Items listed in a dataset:
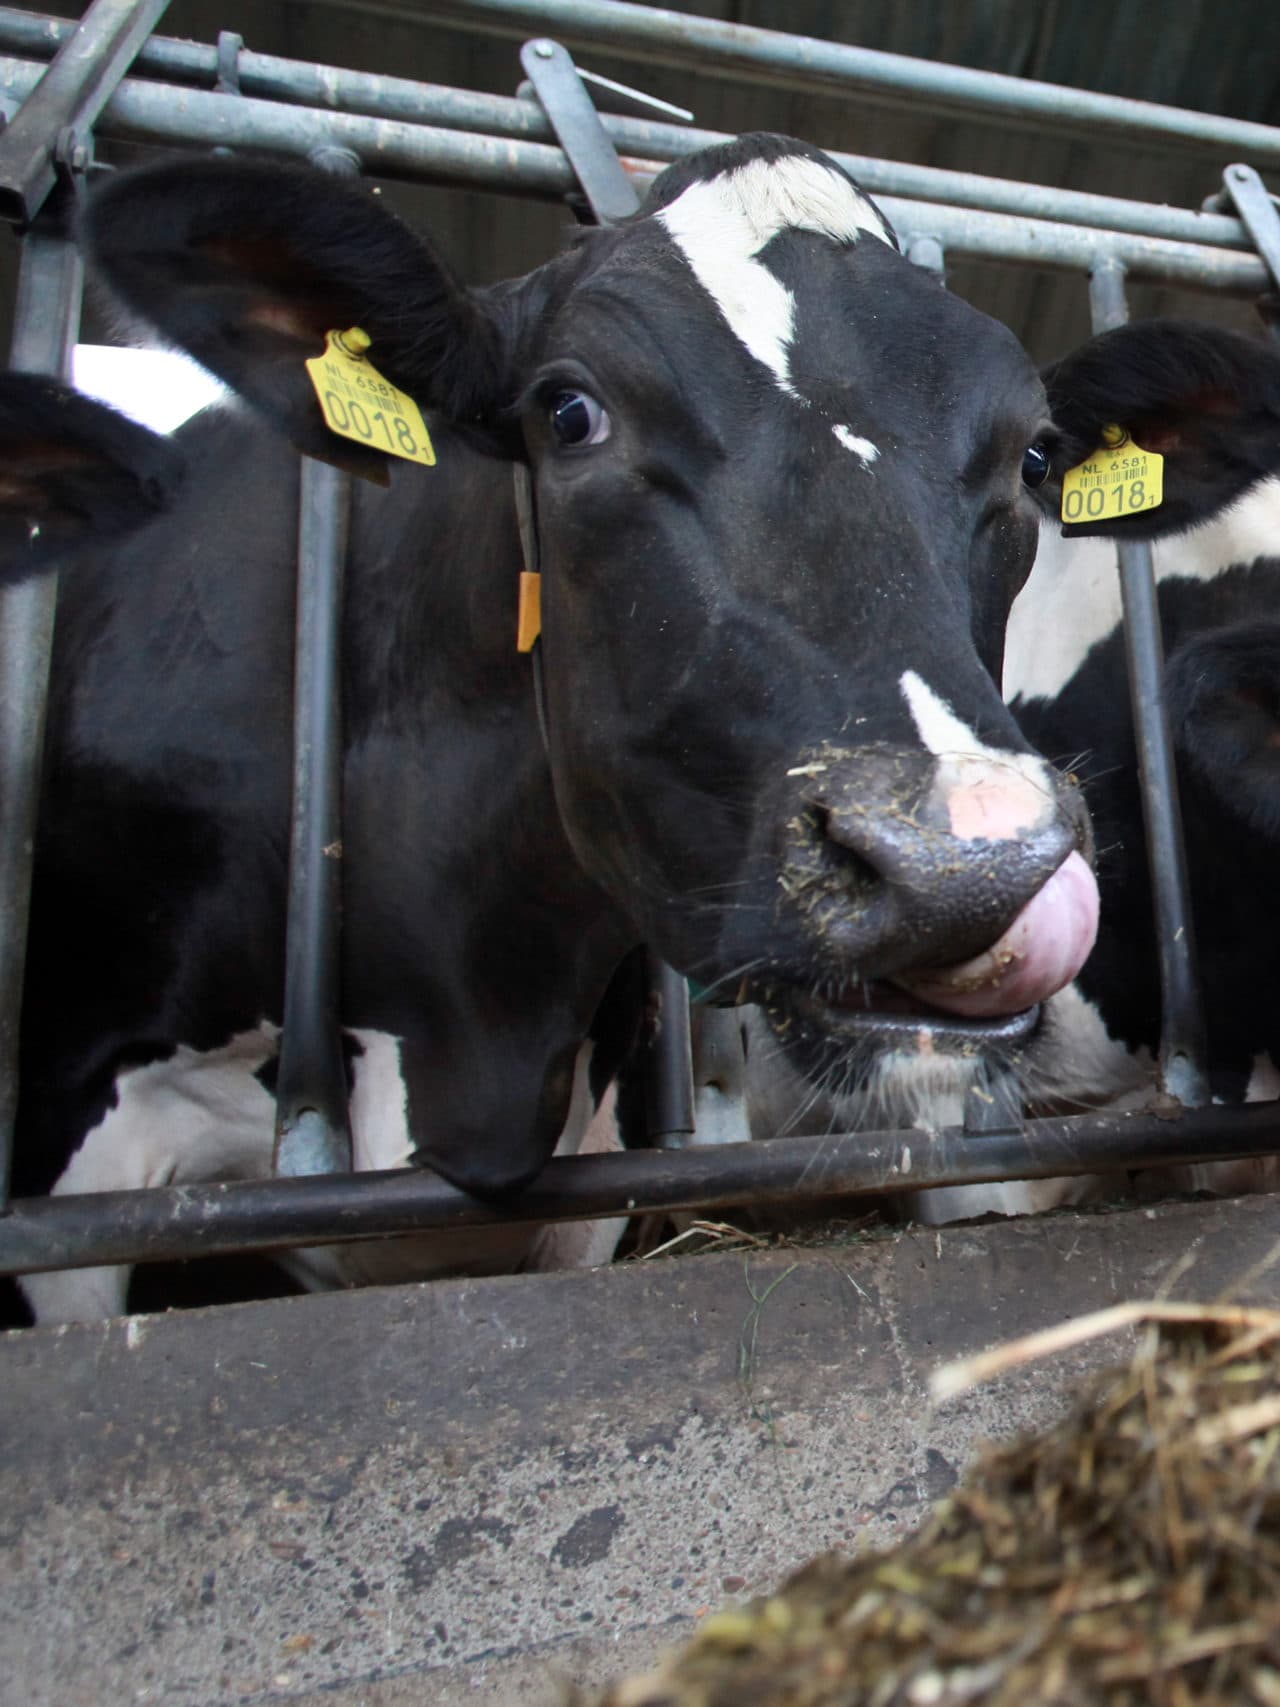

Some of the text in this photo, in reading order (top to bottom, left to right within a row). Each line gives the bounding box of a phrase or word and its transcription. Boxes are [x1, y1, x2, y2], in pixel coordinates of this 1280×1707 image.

[325, 362, 348, 381] NL
[325, 390, 417, 455] 0018
[1083, 456, 1147, 474] NL 6581
[1065, 481, 1145, 518] 0018
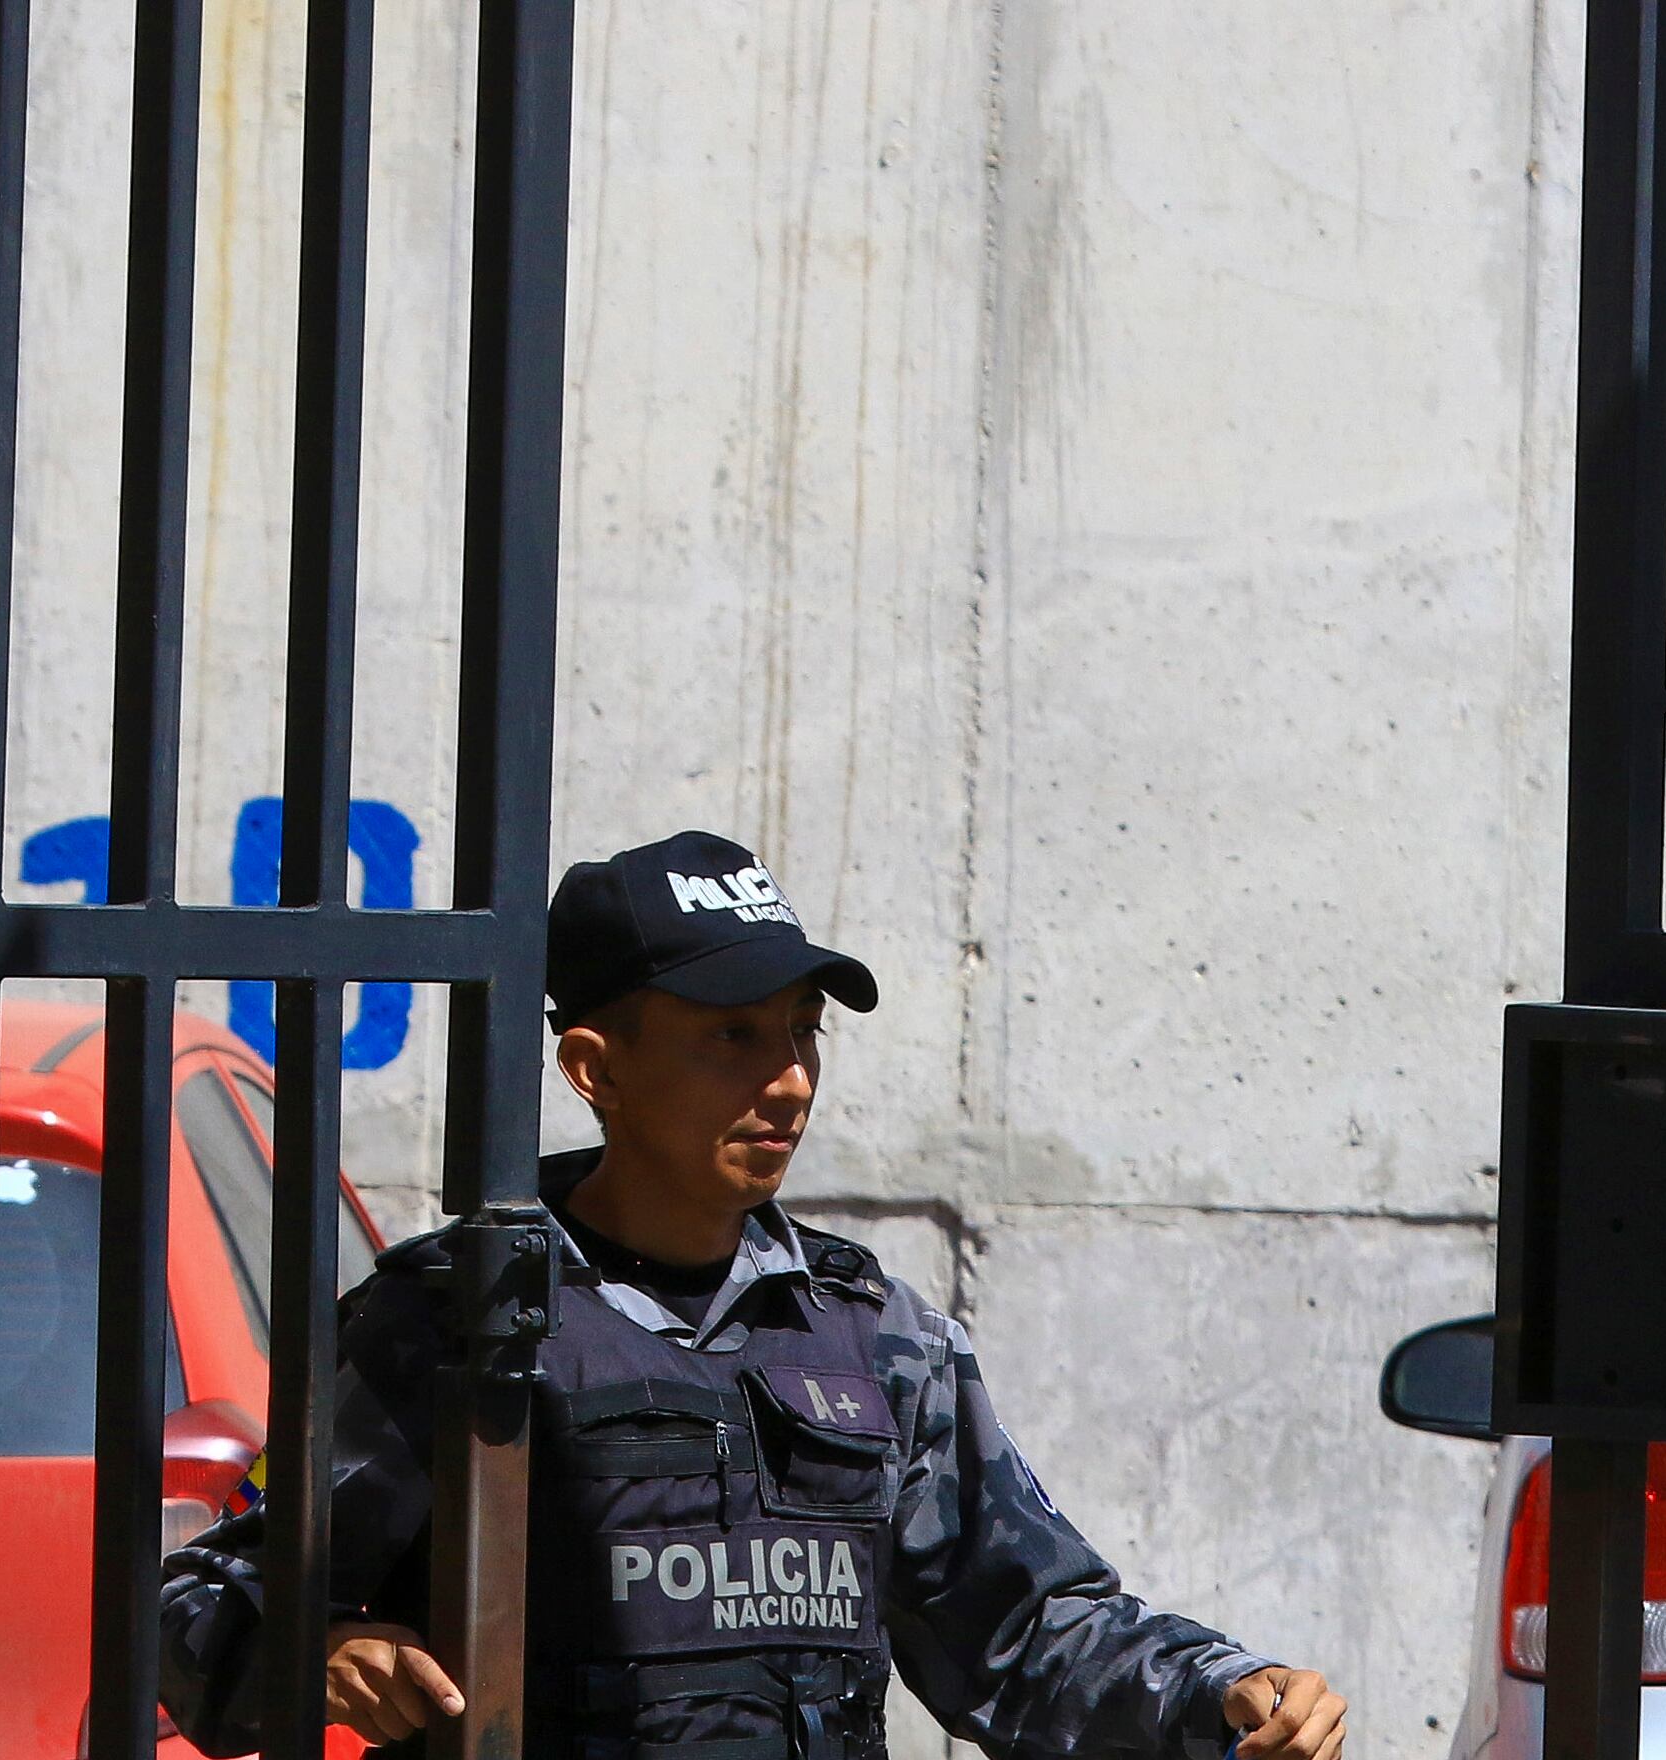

Directions for this task
The entries above need to be repeated word for word, minus their pictures.

Solved exercise
Some of the text in this photo, in reading order (top to bottom, left to right within a row). Each line gives the bounding box of a phrase or word and its transcription. Boxes are [x1, y1, x2, y2], in pixel coordinates of this 1280×1707 image.

[325, 362, 348, 381] NL
[325, 390, 417, 455] 0018
[1083, 456, 1147, 474] NL 6581
[1065, 481, 1145, 518] 0018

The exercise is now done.